James Madison Papers

To James Madison from William H. Winder, 1 February 1814

From William H. Winder

Washington City Feby 1st 1814


Agreably to your permission I herewith inclose you a copy of the correspondence which passed between his Excellency Sir George Prevost & myself during the time that I was a prisoner of war in Quebec & the neighbourhood & which finally terminated in my being permitted to come to the United States upon the Terms and for the period which will be found in my letter containing my engagement and which closed this correspondence.1

You will percieve that I have sometimes ventured to pledge the views and intentions of my goverment and in a manner I hope that will be satisfactory to you.

The perseverance with which I pressed Sir George Prevost upon the subject of my return will I hope be attributed by you to its real motives, which were not only on my private concerns—but from the hope that I might thus facilitate my rejoining the army, where I had the vanity to flatter myself I could have performed services that would have been useful to my country as well as honorable to myself.

You will percieve in my letter of the 17th Decr the day on which I was made an hostage that I threw in as a motive to Sir George Prevost to permit my return the hope that I might be able to induce my government at least to wave the course of retaliation which had been adopted & I feel myself obliged frankly to disclose to you that his permission to me to return, which was communicated verbally to me by Mr Brenton the Secretary of the province was predicated upon that suggestion only.

My opinion upon the right of retaliation on the part of the United States has been communicated to the secretary of state in a sealed packet which was permitted to pass by Sir George Prevost as you will percieve by the correspondence & which has I am informed been communicated to you by him.2 But without at all touching that question it appeared to me that there were several alternatives which the United States might adopt without abandoning the principle & which would at the same time preserve its honor & save the lives of its unfortunate citizens who were or should become prisoners of war.

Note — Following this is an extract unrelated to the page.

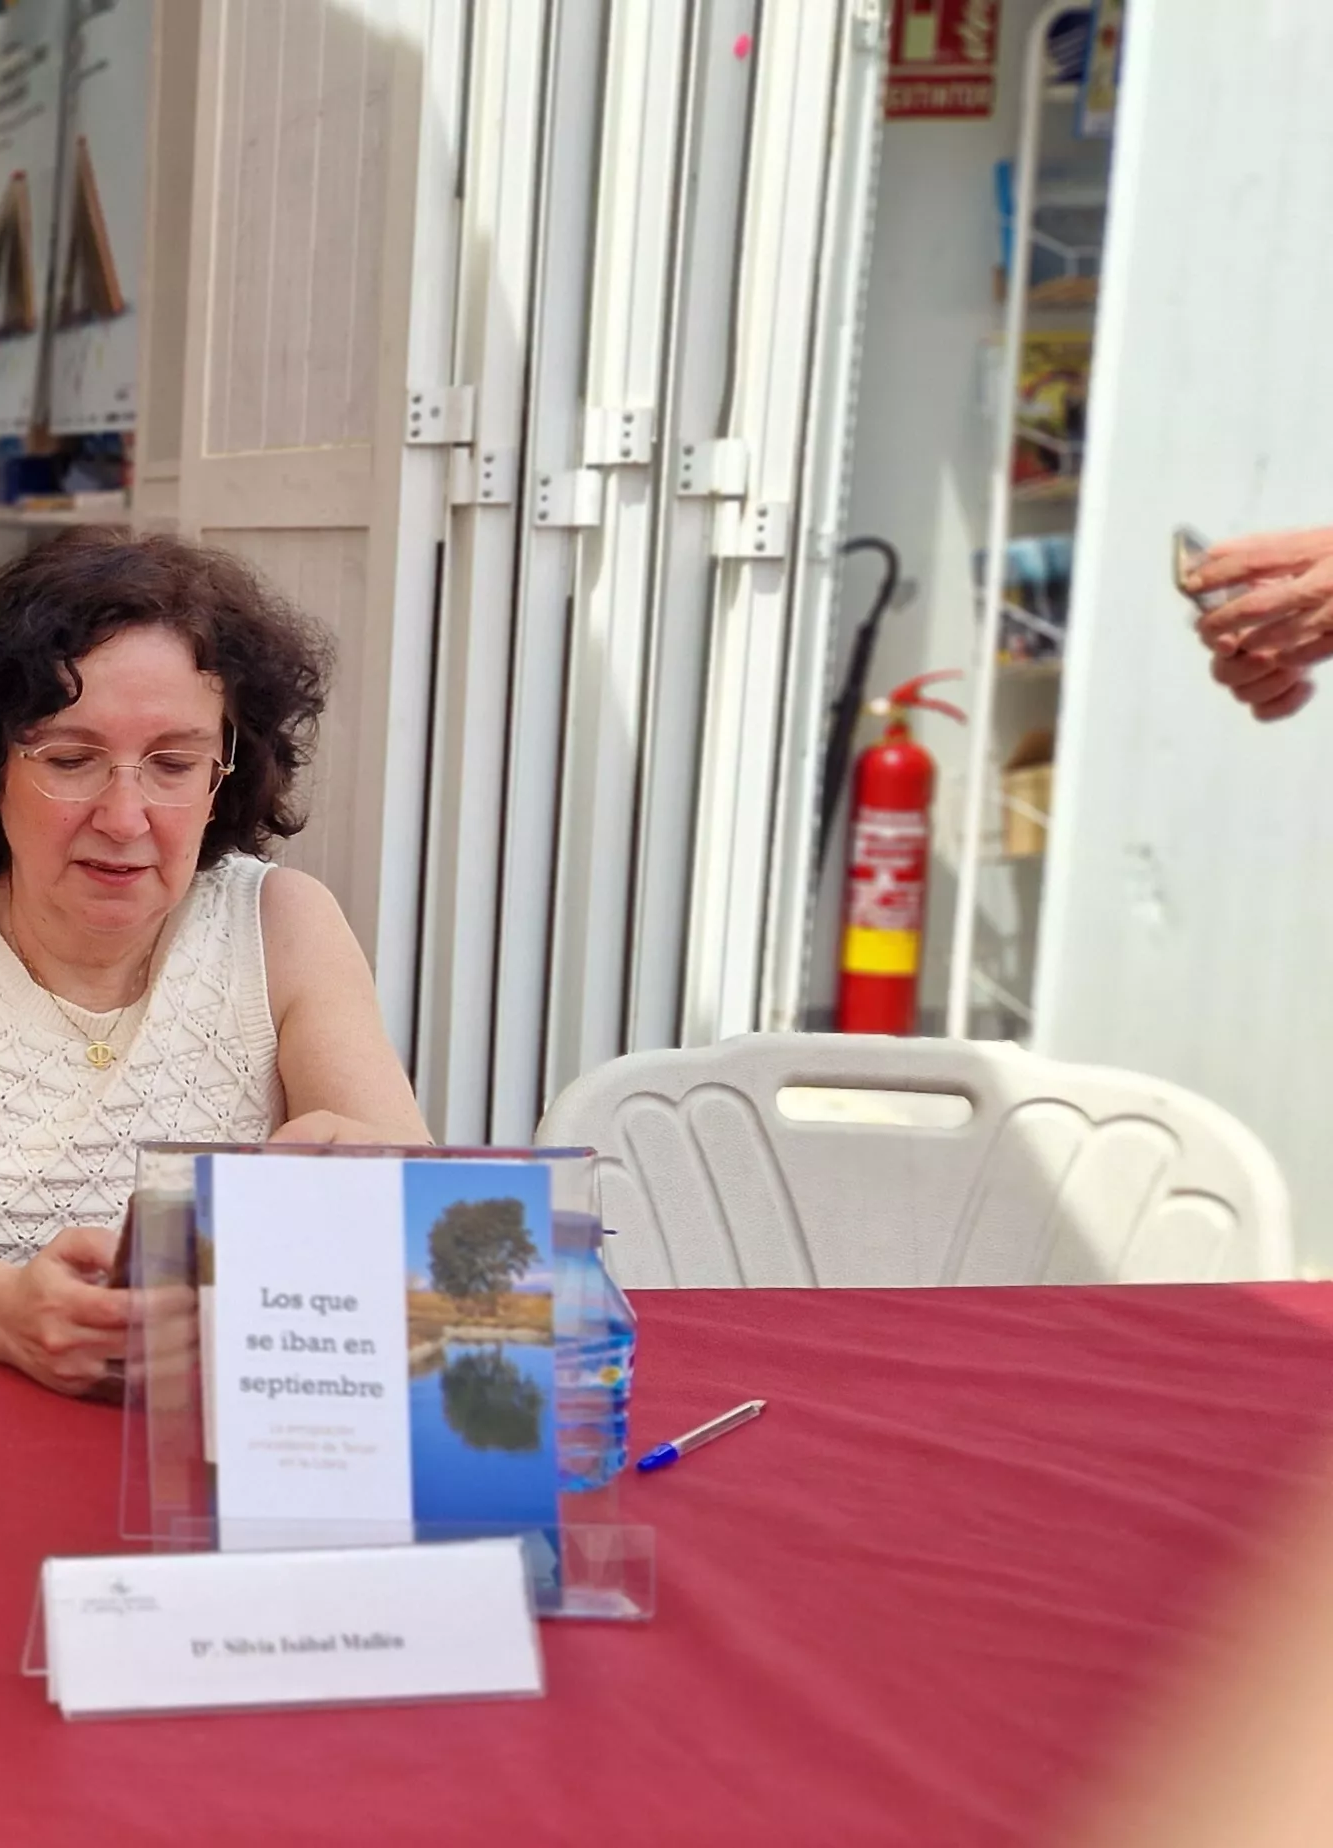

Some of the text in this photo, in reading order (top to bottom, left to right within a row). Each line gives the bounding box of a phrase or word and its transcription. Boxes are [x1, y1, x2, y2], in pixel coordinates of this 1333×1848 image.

[260, 1287, 359, 1317] Los que
[245, 1330, 377, 1355] se iban en
[239, 1373, 386, 1400] septiembre
[223, 1636, 276, 1656] Silvia

These views I shall be ready to suggest to your consideration should you deem it material. I have the honor to be with high respect Sir your obt Servt.

Wm H Winder

RC (DLC). Enclosures not found.

1For the circumstances of Winder’s capture by the British in June 1813, see PJM-PS, description begins Robert A. Rutland et al., eds., The Papers of James Madison: Presidential Series (7 vols. to date; Charlottesville, Va., 1984–). description ends 6:392 n. 1. He was among the U.S. Army officers placed in close confinement in Canada as a result of the British retaliatory policy carried out in the latter part of that year, for which see JM to John Armstrong, 15 Nov. 1813, and n. 2. Prevost nevertheless granted him a sixty-day parole to return to the United States to try to persuade the administration to “waive the course of proceeding which they [had] adopted and to put an end to the whole question [of hostages], at least in the form of retaliation,” Winder having stated his belief that the U.S. position was unjustifiable (Ralph Robinson, “Retaliation for the Treatment of Prisoners in the War of 1812,” American Historical Review 49 [1943]: 68).

2Winder evidently referred to his letter to Monroe of 5 Nov. 1813, which he wrote from Quebec as a retaliation hostage threatened with the “perhaps fatal” consequences of that status (DNA: RG 45, Subject File RR, box 606, Correspondence Relating to Retaliation, American and British). In the letter Winder argued that all European nations supported the doctrine of perpetual allegiance, and that naturalized citizens “recovered” by their native country, especially during war, had no “just ground of complaint.” Persons in such a situation could not rightfully demand protection from the U.S. government, he suggested, and U.S. citizens might well refuse to defend them. These conclusions ran directly counter to the principles undergirding the U.S. government’s retaliatory policy; nevertheless, Winder declared his “unreserved confidence in the paternal care of the Government” for U.S. citizens held as retaliation hostages.